通过 Logstash 将 JSON 从 CouchDB 解析到 ElasticSearch

问题描述

我无法以所需的方式将 JSON 从 CouchDB 解析为 Elasticsearch 索引。 我的 CouchDB 数据如下所示:

{
  "_id": "56161609157031561692637","_rev": "4-4119e8df293a6354be4c9fd7e8b12e68","deleteFlag": "N","entryUser": "John","parameter": "{\"id\":\"14188\",\"rcs_p\":null,\"rcs_e\":null,\"dep_p\":null,\"dep_e\":null,\"dep_place\":null,\"rcf_p\":null,\"rcf_e\":null,\"rcf_place\":null,\"dlv_p\":\"3810\",\"dlv_e\":\"1569\",\"seg_no\":null,\"trans_type\":\"incoming\",\"trans_service\":\"delivery\"}","physicalId": "0","recordDate": "2020-12-28T17:50:16+05:45","tag": "CARGO","uId": "56161609157031561692637","~version": "CgMBKgA="
}

我想要做的是能够使用上述 JSON 参数的嵌套字段进行搜索。 当我将数据放入 ES 索引时,它的存储方式如下:

{
  "_index": "del3","_type": "_doc","_id": "XRCV9XYBx5PRwauO--qO","_version": 1,"_score": 0,"_source": {
    "@version": "1","doc_as_upsert": true,"doc": {
      "physicalId": "0","recordDate": "2020-12-27T12:56:45+05:45","~version": "CgMBGgA=","uId": "48541609052212485430933","_rev": "3-937bf92e6010afec13664b1d9d06844b","parameter": "{\"id\":\"4038\",\"dlv_p\":\"5070\",\"dlv_e\":\"2015\",\"trans_service\":\"delivery\"}"
    },"@timestamp": "2021-01-12T07:53:33.978Z"
  },"fields": {
    "@timestamp": [
      "2021-01-12T07:53:33.978Z"
    ],"doc.recordDate": [
      "2020-12-27T07:11:45.000Z"
    ]
  }
}

我希望能够访问 Elasticsearch 中参数(id、rcs_p、rcs_e、..)中的字段。

这是我的 logstash.conf 文件

input {
    couchdb_changes {
        host => "<host_name>"
        port => 5984
        db => "mychannel_asset$management"
        keep_id => false
        keep_revision => true
        #initial_sequence => 0
        always_reconnect => true
        sequence_path => "/usr/share/logstash/config/seqfile"
    }
}

filter {
        json {
                source => "[parameter]"
                remove_field => ["[parameter]"]
        }
}

output {
    if([doc][tag] == "CARGO") {
        elasticsearch {
            hosts => ["http://elasticsearch:9200"]
            index => "del3"
            user => elastic
            password => changeme
        }
    }
}

我如何达到我想要的结果?我还尝试通过为参数定义嵌套类型来创建自定义模板,但还没有运气。
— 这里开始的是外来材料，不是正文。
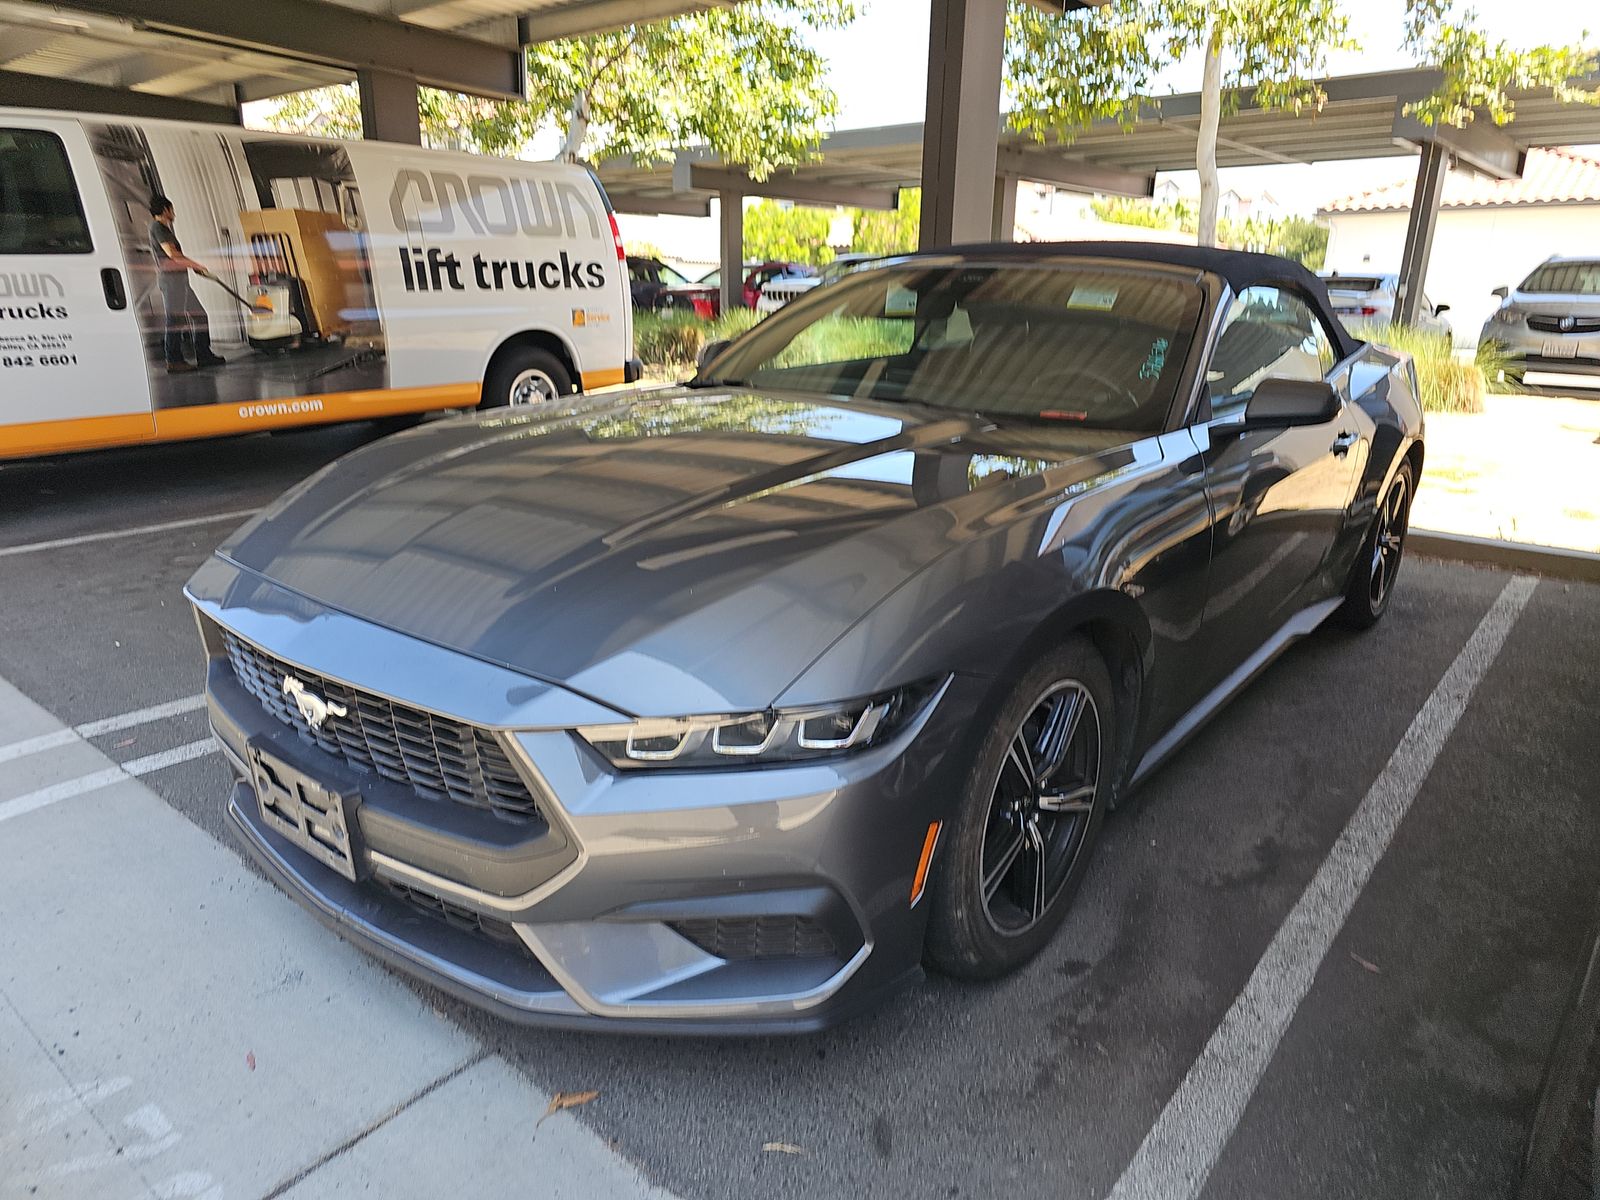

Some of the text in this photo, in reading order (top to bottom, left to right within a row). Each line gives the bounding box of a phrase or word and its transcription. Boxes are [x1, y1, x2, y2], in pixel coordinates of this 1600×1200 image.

[398, 246, 605, 292] lift trucks
[0, 302, 68, 319] rucks
[39, 354, 78, 366] 6601
[238, 399, 324, 419] crown.com
任何帮助将不胜感激。

解决方法

我认为你几乎所有的事情都做对了。我对实际结构不太确定,但其中一种可能有效:

filter {
    json {
        source => "parameter"
        target => "parameter"
    }
}
filter {
    json {
        source => "[doc][parameter]"
        target => "[doc][parameter]"
    }
}

我不知道 CouchDB 源输入插件是如何工作的,但它似乎将所有内容都放在 doc 对象下。